Would that Melosh's book had as much humor and spunk as its cover image. But to her credit, if her academic account of the history of adoption in the United States—drawn chiefly from 400 cases on record at the Children's Bureau of Delaware—accomplishes one thing, it depicts in detail the long road we've traveled to get to this photograph. Since the early 20th century, where Melosh begins, American adoption practices—as well as society's perceptions of adoption and its effects on birth mothers, adoptive parents, and adoptees—have evolved tremendously, if sometimes in a two-steps-forward, one-step-back fashion.
Since you and I are both coming at this from a professional angle (as authors on the subject) as well as from a personal one (as an adoptive father and an adoptee, respectively), in a sense we reflect Melosh's dual perspective, as historian-slash-adoptive parent.
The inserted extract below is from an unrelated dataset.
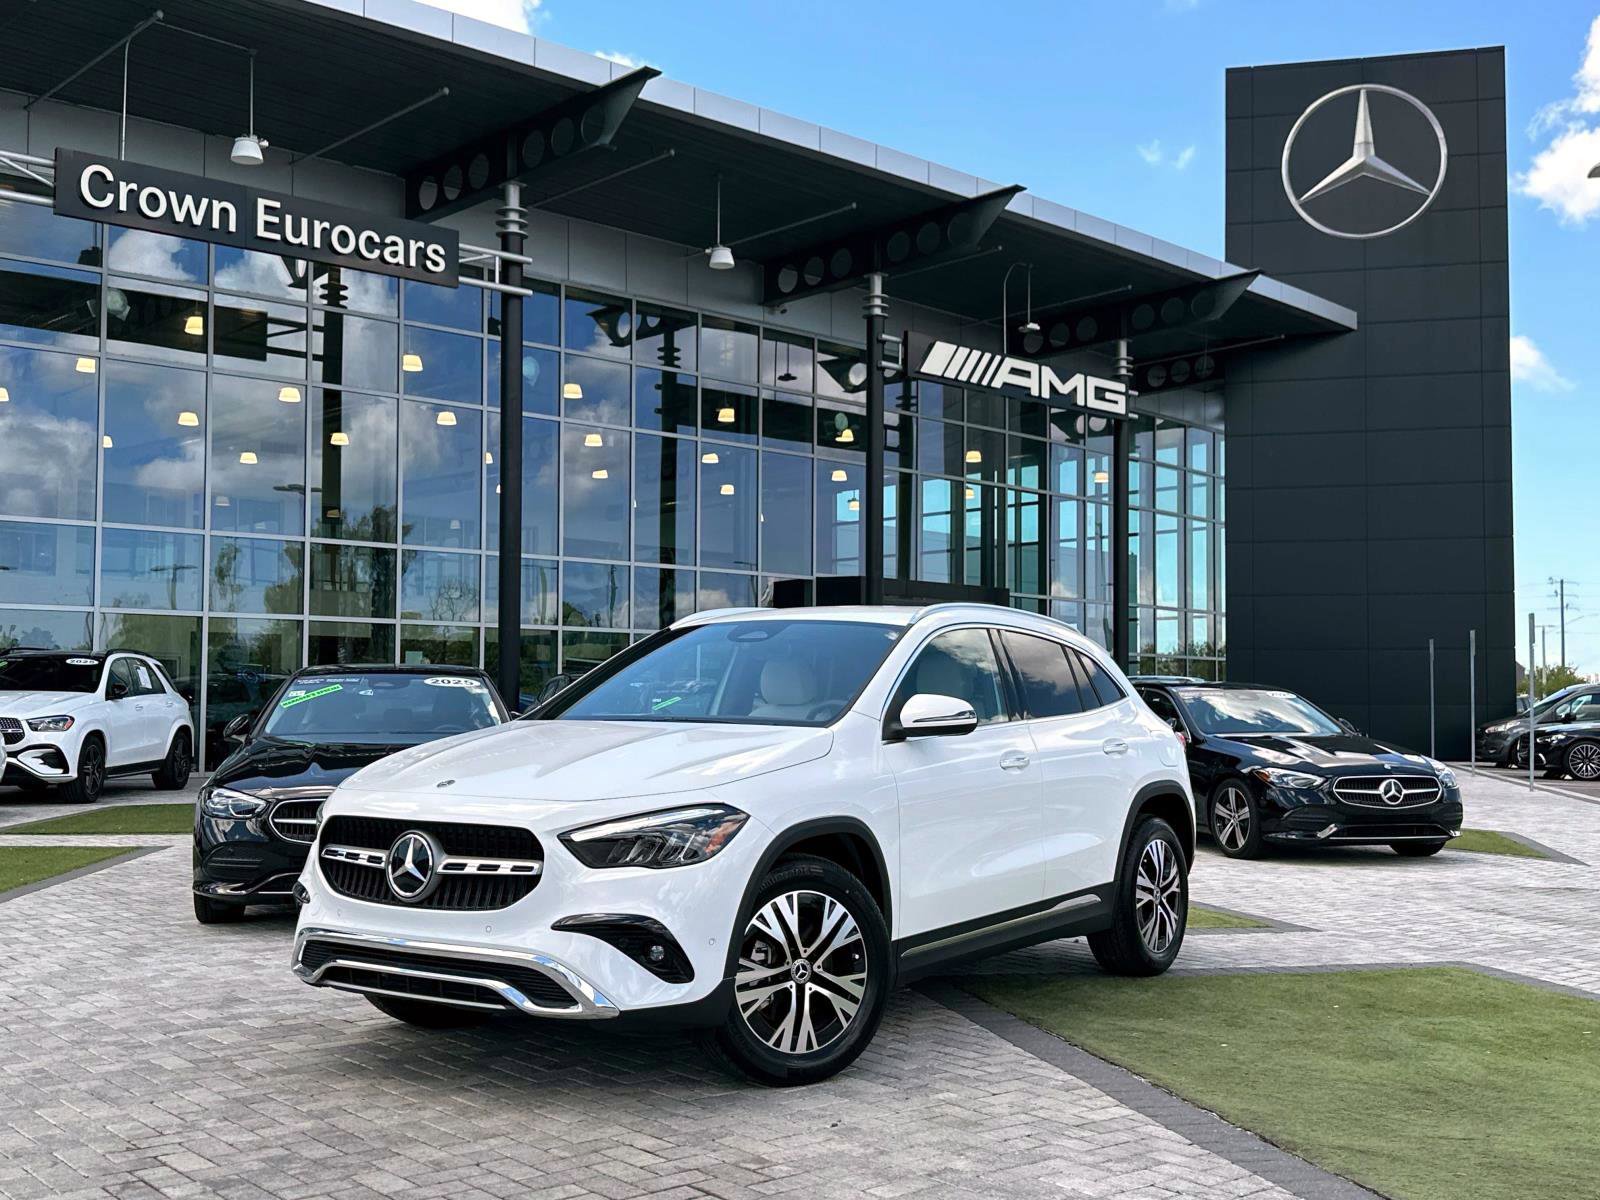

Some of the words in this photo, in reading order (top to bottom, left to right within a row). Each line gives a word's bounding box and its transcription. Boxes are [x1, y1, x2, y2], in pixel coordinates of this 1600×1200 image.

Wearing both my hats, then, I found one of Melosh's more compelling points to be an issue that my birth mother and I have chatted about: adoption's relationship to class.
In the pre-Roe v. Wade '60s, when I was born and relinquished, adoption was a middle-class phenomenon. Girls from lower-class backgrounds were less likely to give children up for adoption, as their families more often absorbed the children into the clan, to be (co-) raised by grandmothers or other elder female relatives. Upper-class parents could afford to send their pregnant daughters off to foreign countries for abortions, explaining away the extended absence as a European tour or some such. For middle-class girls, like my birth mother (although, being Jewish, she was in the vast minority), adoption was the most realistic solution to an unwanted pregnancy—a way to cleanse (or, to use Melosh's word, "rehabilitate") oneself from the sin of premarital sex, to keep the transgression a secret from the neighbors, and to provide the child with a stable family—and therefore, a better opportunity for a successful life.
What I didn't know, and what's really interesting, is how the stigma experienced by birth mothers shifted. By the mid-1970s, as extramarital sex and single parenthood became less taboo, young women were criticized not so much for out-of-wedlock pregnancies, but for giving up their children. Before this, birth mothers were advised by external sources—parents, doctors, social workers—that adoption was the "best thing." After 1970, although out-of-wedlock births continued to increase (surprisingly, I think), the number of adoptions dropped dramatically—from 89,000 nationally in 1970 to 48,000 five years later. (This is the level where domestic adoptions remain today, Melosh approximates.) This trend moved in step with the tide of discourse on nature vs. nurture—which I look forward to discussing with you—as it moved from the theory that our identities are completely predetermined to the idea that we're born as tabula rasas whose personalities are formed by our environments and back again.
This renewed respect for the "inalienable bond of biology" is reflected in books like Adoption Triangle (1978) and in organizations like Concerned United Birthparents, which are basically anti-adoption. Theirs is an extreme and rigid stance—and, arguably, a regressive one dating back to the early 20th century, when child-welfare workers resisted placing children for adoption, doubtful that "adults could accept as their own children not born to them." Amazingly, for all our openness about adoption, there still are people walking around today who maintain this, in my opinion, antiquated attitude about family. Did you find this as irritating as I did?
Melosh, on the other hand, is quite impassive throughout her narrative. While her research is exhaustive and text is fact-packed, her book includes scant interpretation or analysis of information, let alone opinions about her findings. As I read, I scribbled emphatic exclamation points and question marks in the margins—for example, where Melosh describes a theory posited by Nancy Newton Verrier in The Primal Wound (another well-known anti-adoption book): "When adopted babies and toddlers cry … it means they are mourning their birth mothers." !?!? But Melosh herself—who, remember, is not only an academic, but an adoptive mother—dryly moves from one point to the next with barely a ruffle of response. She limits her own story to two places: the introduction, where she mentions her son's "altered" birth certificate (i.e., the one with her and her husband listed as parents, with no mention of adoption); and a paragraph toward the end, where she describes telling an adoption-discussion group that her now-teenage son didn't seem curious about his biological origins. What she was struck by, she recalls, was the a priori consensus among the "triad" members present that "all adopted persons longed for reunion." These personal touches were some of the strongest moments in the book, and I wish there had been more of them. This makes me all the more eager to share my reactions—personal and professional—and to hear yours!